Aims: Epidemiological and animal data suggest that the development of adult chronic conditions is influenced by early-life exposure-induced changes to the epigenome. This study investigates the effects of perinatal lead (Pb) exposure on DNA methylation and bodyweight in weanling mice. Materials & methods: Viable yellow agouti (A^vy) mouse dams were exposed to 0, 2.1, 16 and 32 ppm Pb acetate before conception through weaning. Epigenetic effects were evaluated by scoring coat color of A^vy/a offspring and quantitative bisulfite sequencing of two retrotransposon-driven (A^vy and CDK5 activator-binding protein intracisternal A particle element) and two imprinted (Igf2 and Igf2r) loci in tail DNA. Results: Maternal blood Pb levels were below the limit of detection in controls, and 4.1, 25.1 and 32.1 μg/dl for each dose, respectively.
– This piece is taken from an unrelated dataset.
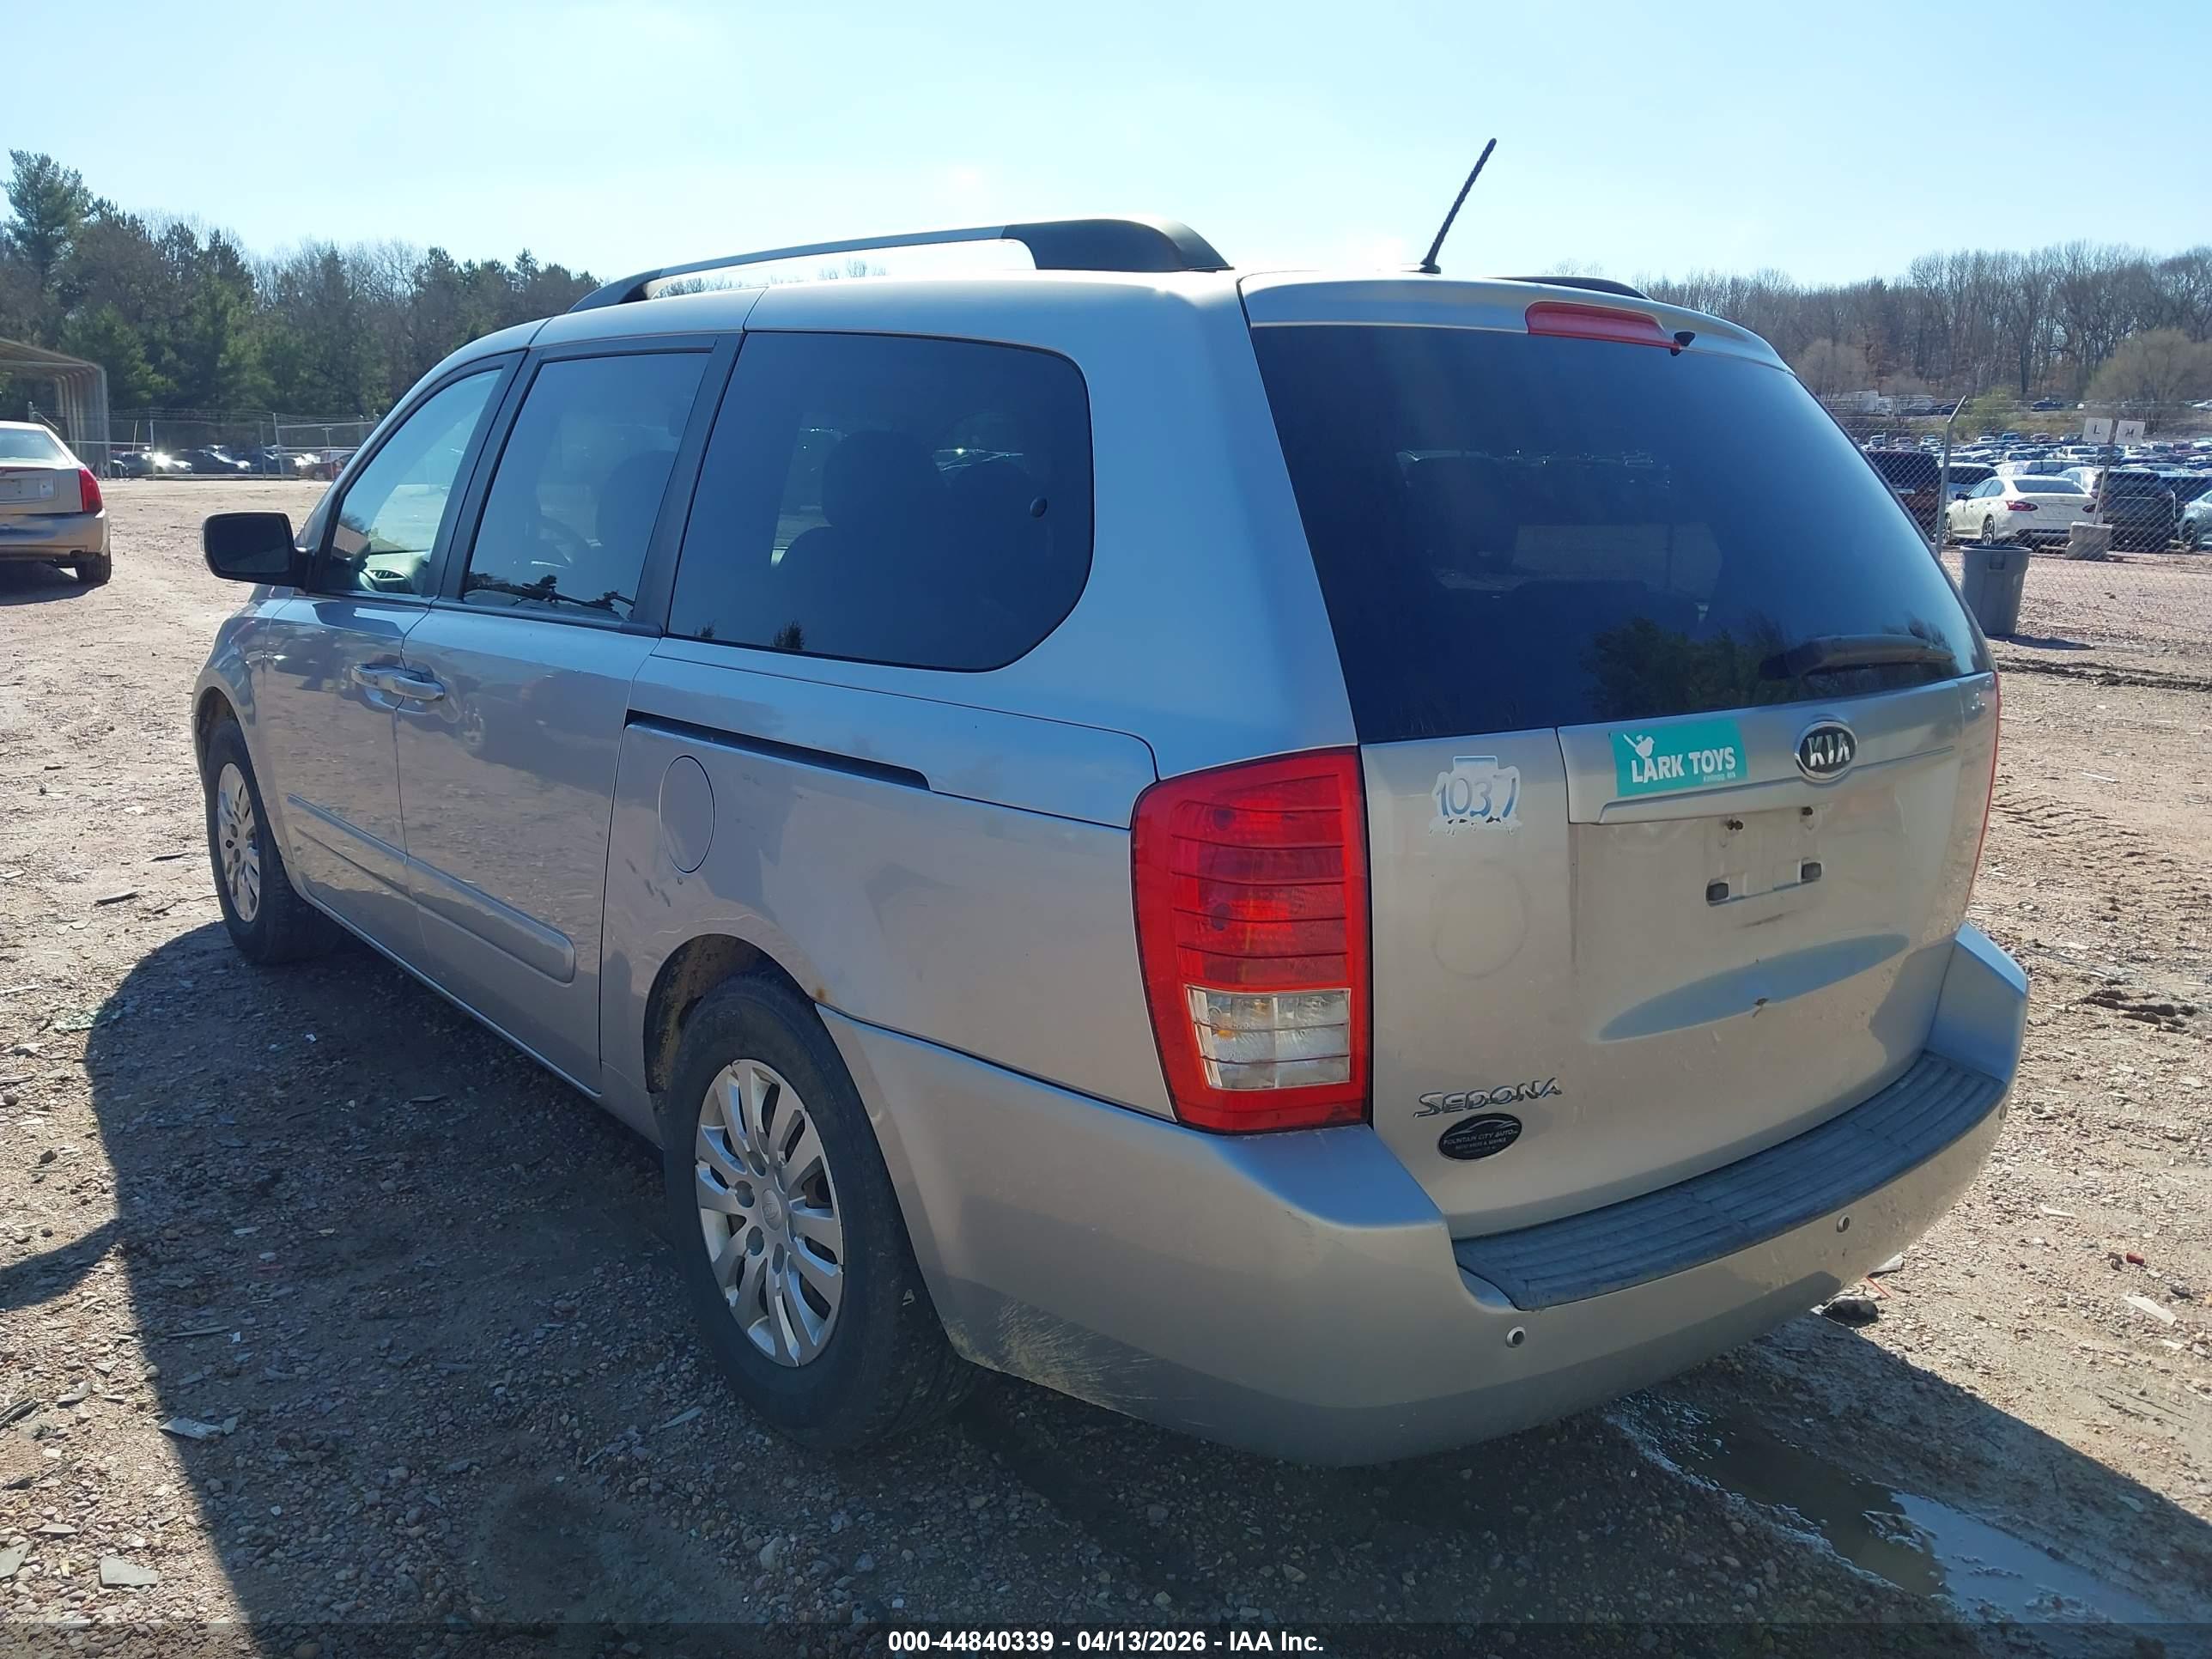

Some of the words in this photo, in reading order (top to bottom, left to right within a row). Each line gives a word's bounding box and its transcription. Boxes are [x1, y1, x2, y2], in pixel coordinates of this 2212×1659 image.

Pb exposure was associated with a trend of increased wean bodyweight in males (p = 0.03) and altered coat color in A^vy/a offspring. DNA methylation at A^vy and the CDK5 activator-binding protein intracisternal A-particle element was significantly different from controls following a cubic trend (p = 0.04; p = 0.01), with male-specific effects at the A^vy locus. Imprinted genes did not shift in methylation across exposures. Conclusion: Dose- and sex-specific responses in bodyweight and DNA methylation indicate that Pb acts on the epigenome in a locus-specific fashion, dependent on the genomic feature hosting the CpG site of interest, and that sex is a factor in epigenetic response.